Judy confidently scaling a rock climbing wall at the gym, showcasing her strength and agility.

Looking at each of these programs from a top down view could easily afford a perspective of: “Ok those are nice” but where things really get interesting is the minutiae of it all. Individually these programs are good, but the details and connections in between them are what make them great.

“What we’re building is a peer-to-peer support system – and what I love about that is that it’s OUR thing, not an imposed mental health program”

Judy enjoying a moment of relaxation, holding a coffee cup at a local café.

Part of the challenge of being in any specialized career is communicating with your network outside of work. If you’re writing code at your job, it’s hard to talk to non-coders about that - The same is true in EMS.

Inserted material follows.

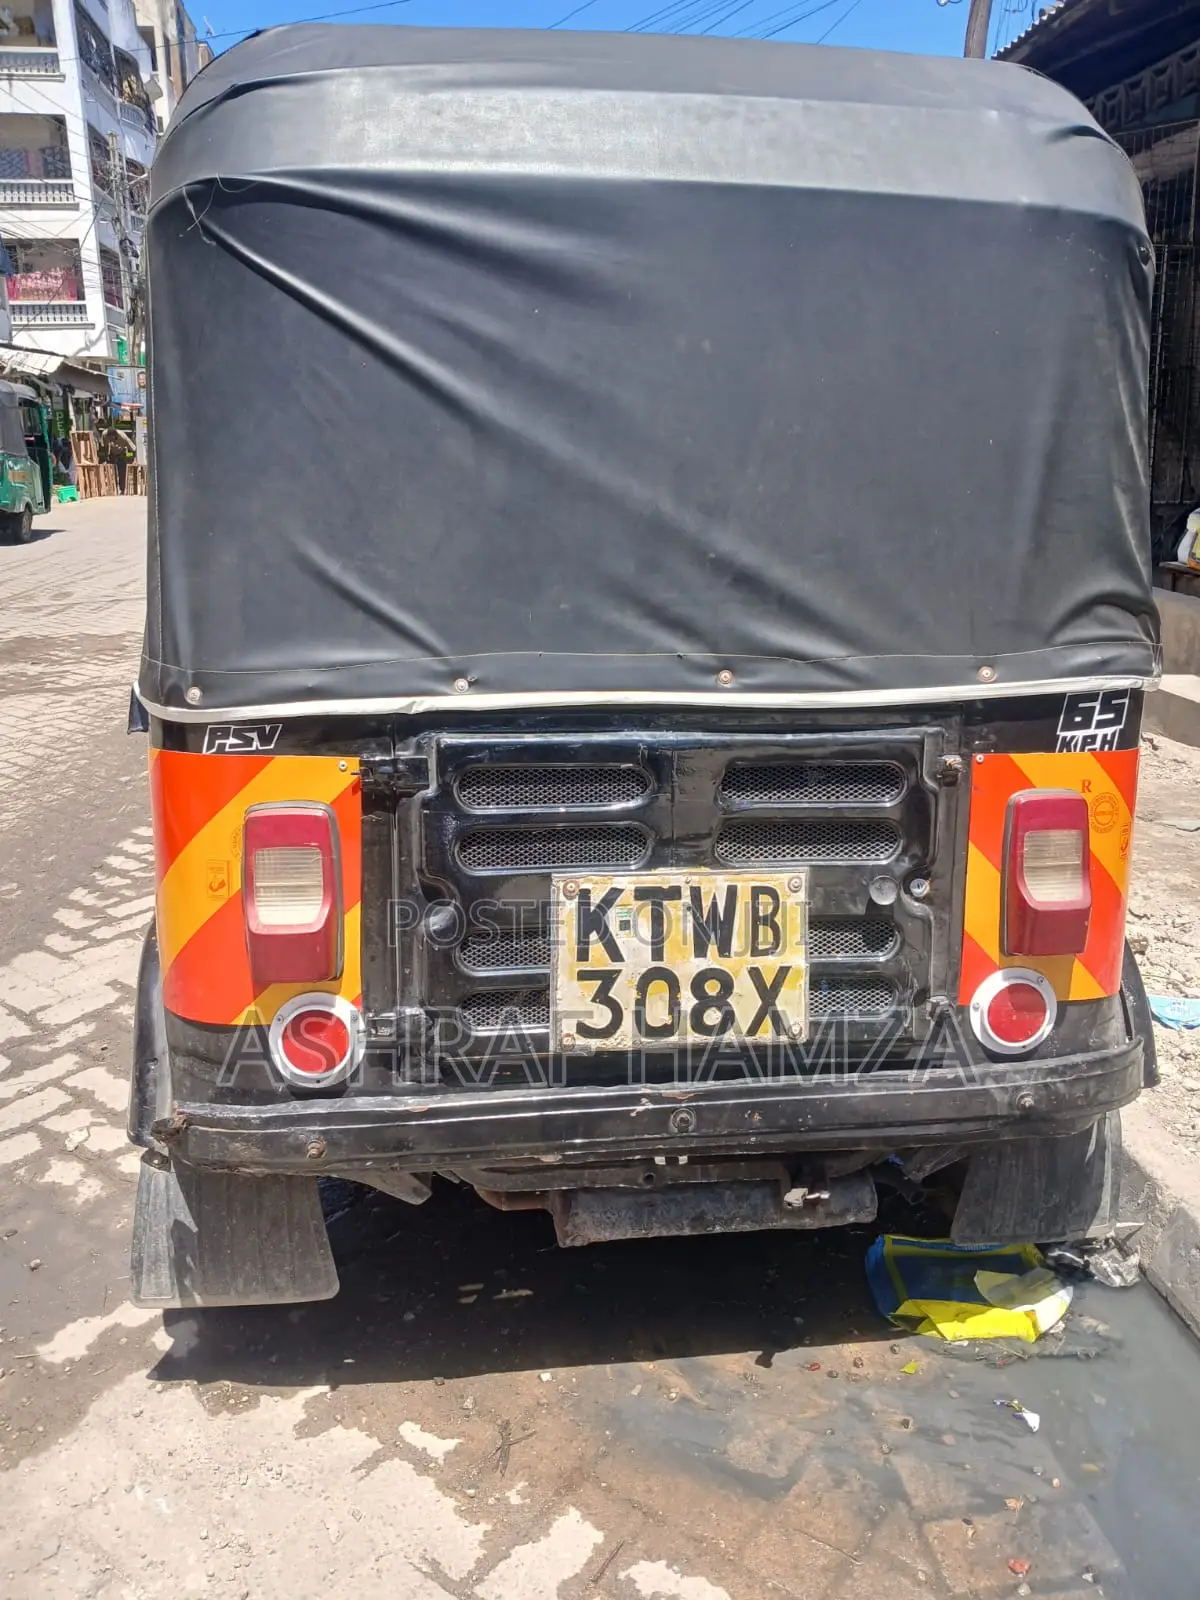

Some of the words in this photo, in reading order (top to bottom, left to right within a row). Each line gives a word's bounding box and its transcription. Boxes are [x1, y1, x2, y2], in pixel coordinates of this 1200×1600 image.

[202, 724, 283, 755] PSV
[576, 884, 781, 962] KTWB
[575, 965, 792, 1040] 308X

The value of a peer-to-peer support network in EMS ie. community at work, is that if you see something traumatic happen, maybe you’re first on scene to a car crash, or have a hard conversation with the family of a patient, you can talk it out with someone who gets it.

Your romantic partner, your non-EMS friends, family members, even a professional therapist all require a level of explanation whereas your team members just understand.

Coming full circle, when you meet someone at Run Club, tackle a route together at the climbing gym, or play video games together – whatever it is, so long as it isn’t work – that’s a moment when people can communicate freely, be themselves, develop deeper relationships build those peer-to-peer relationships that are so critical to maintaining mental health in this industry.

Fostering those connections is how you build a culture of community and support.